Sabrina Corlette, a research professor at the Georgetown University Center on Health Insurance Reforms, said insurance companies anticipated a lot of different policy changes heading into the 2018 plan year that later happened, including the administration’s end to cost-sharing reductions. Insurers raised rates over concerns that the Trump administration would stop giving the plans payments called for in the law, known as cost-sharing reductions. Insurers also questioned whether the administration would enforce a requirement for individuals to get coverage and would allow for the sale of plans that don’t meet all of the health law’s requirements.

After insurers priced their policies for 2018, Republicans ended the penalty for not having insurance as part of the 2017 tax overhaul and the administration expanded the availability of association health plans and short-term plans that don’t have to comply with the law’s requirements.

“The rates were anticipatory,” Corlette said of insurers’ 2017 decisions. “Insurers are doing the best they can to look as far down the road as they can and they saw the writing on the wall early in 2018.”

“They were sort of overly conservative with their estimates of how much risk they’d have to take on going into 2018 and so now we’re seeing a recalibration as we go into 2020,” she added.

It’s still hard to gauge the full impact of some Trump administration policies, such as how many people have enrolled in short-term plans, or whether the administration will do more to undermine the law.

The Trump administration has warned in filings that in the future, it could ban a practice that insurers use, called “silver loading,” to help blunt the impact of rate increases.

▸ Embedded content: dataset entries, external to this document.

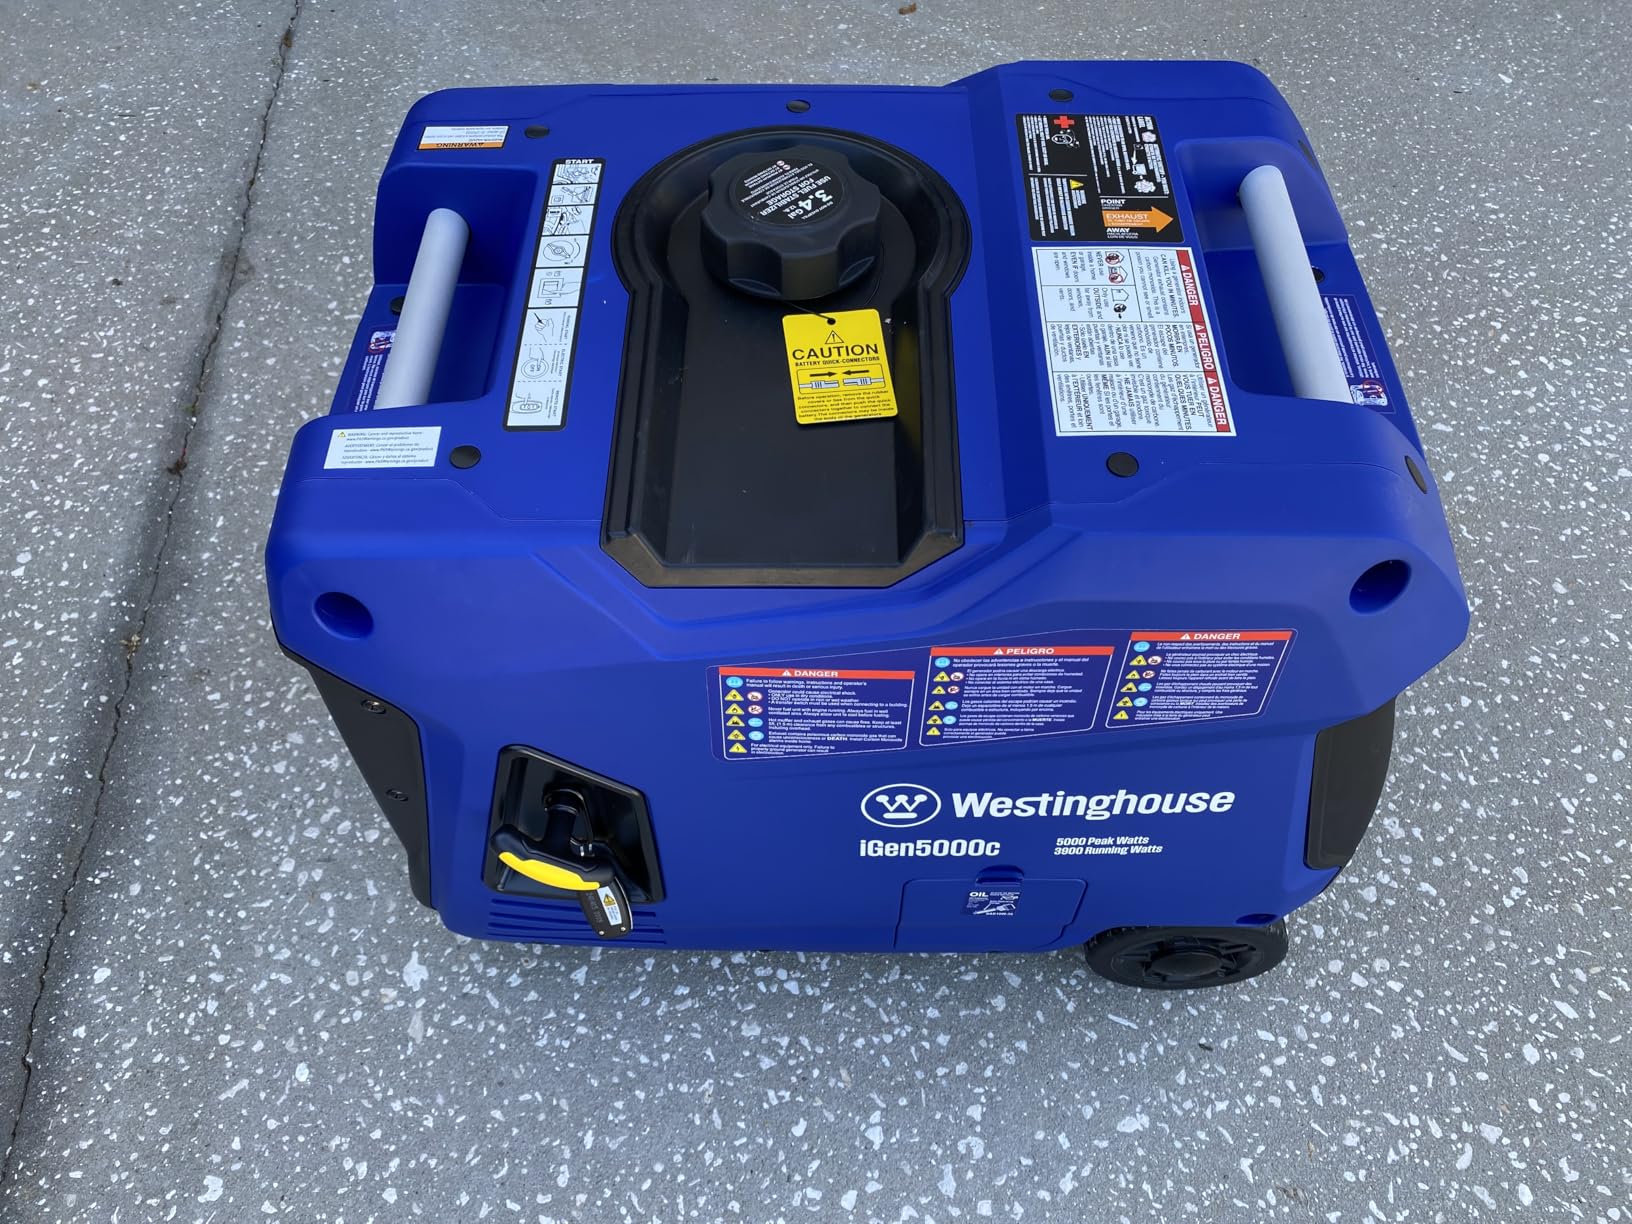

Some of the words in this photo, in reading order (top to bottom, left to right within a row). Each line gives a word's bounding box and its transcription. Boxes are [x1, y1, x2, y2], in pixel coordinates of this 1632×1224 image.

[798, 178, 814, 186] FOR
[798, 183, 816, 194] FUEL
[815, 176, 831, 185] USE
[760, 193, 799, 216] STABILIZER
[765, 186, 799, 205] STORAGE
[798, 190, 832, 211] 3.4
[788, 209, 803, 219] Gal
[1095, 251, 1103, 266] NEVER
[1182, 272, 1199, 305] DANGER
[1092, 287, 1102, 309] OUTSIDE
[1071, 324, 1082, 356] EXTERIORES
[1114, 327, 1123, 344] NUNCA
[1164, 324, 1173, 342] POCOS
[792, 344, 878, 360] CAUTION
[1196, 332, 1214, 369] PELIGRO
[1174, 374, 1186, 403] QUELQUES
[1181, 374, 1191, 389] VOUS
[1125, 386, 1134, 407] JAMAIS
[1185, 391, 1194, 405] TUER
[1208, 386, 1227, 424] DANGER
[1195, 402, 1204, 417] PEUT
[952, 789, 1235, 821] Westinghouse
[860, 839, 1000, 857] iGen5000c
[1056, 837, 1086, 845] 5000
[1088, 837, 1115, 845] Peak
[1117, 836, 1149, 845] Watts
[1054, 847, 1084, 855] 3900
[1085, 846, 1128, 856] Running
[1130, 845, 1163, 854] Watts

That practice adds costs onto the silver plans that are tied to consumers’ subsidies, so that most consumers are shielded from higher premiums but the government pays more.

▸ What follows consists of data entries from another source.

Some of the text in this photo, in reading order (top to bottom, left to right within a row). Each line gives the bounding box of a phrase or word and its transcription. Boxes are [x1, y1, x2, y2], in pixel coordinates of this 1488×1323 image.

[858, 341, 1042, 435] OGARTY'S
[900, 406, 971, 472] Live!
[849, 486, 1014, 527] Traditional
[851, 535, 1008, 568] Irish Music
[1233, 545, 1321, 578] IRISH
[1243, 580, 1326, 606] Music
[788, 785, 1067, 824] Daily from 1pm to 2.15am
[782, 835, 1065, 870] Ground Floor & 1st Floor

CMS has said it would not block that tactic before 2021, giving insurers certainty at least for the year ahead.

One question for the marketplaces is the outcome of the administration-backed lawsuit seeking to overturn the health care law, brought by Texas Attorney General Ken Paxton and other right-leaning attorneys general. The 5th Circuit could rule at any time.

But insurers don’t seem to be planning for such a threat to the heart of the law.

The case “presents uncertainty that’s hard for insurers to plan for or build into their rates,” Fehr said. “It seems like insurers aren’t really trying to prepare for that right now.”

If changes pop up, insurers now seem to believe they have the lead time and experience to make adjustments, said Corlette.

“Insurers feel like they’ve weathered the worst of the storm between 2017 and 2018,” she said.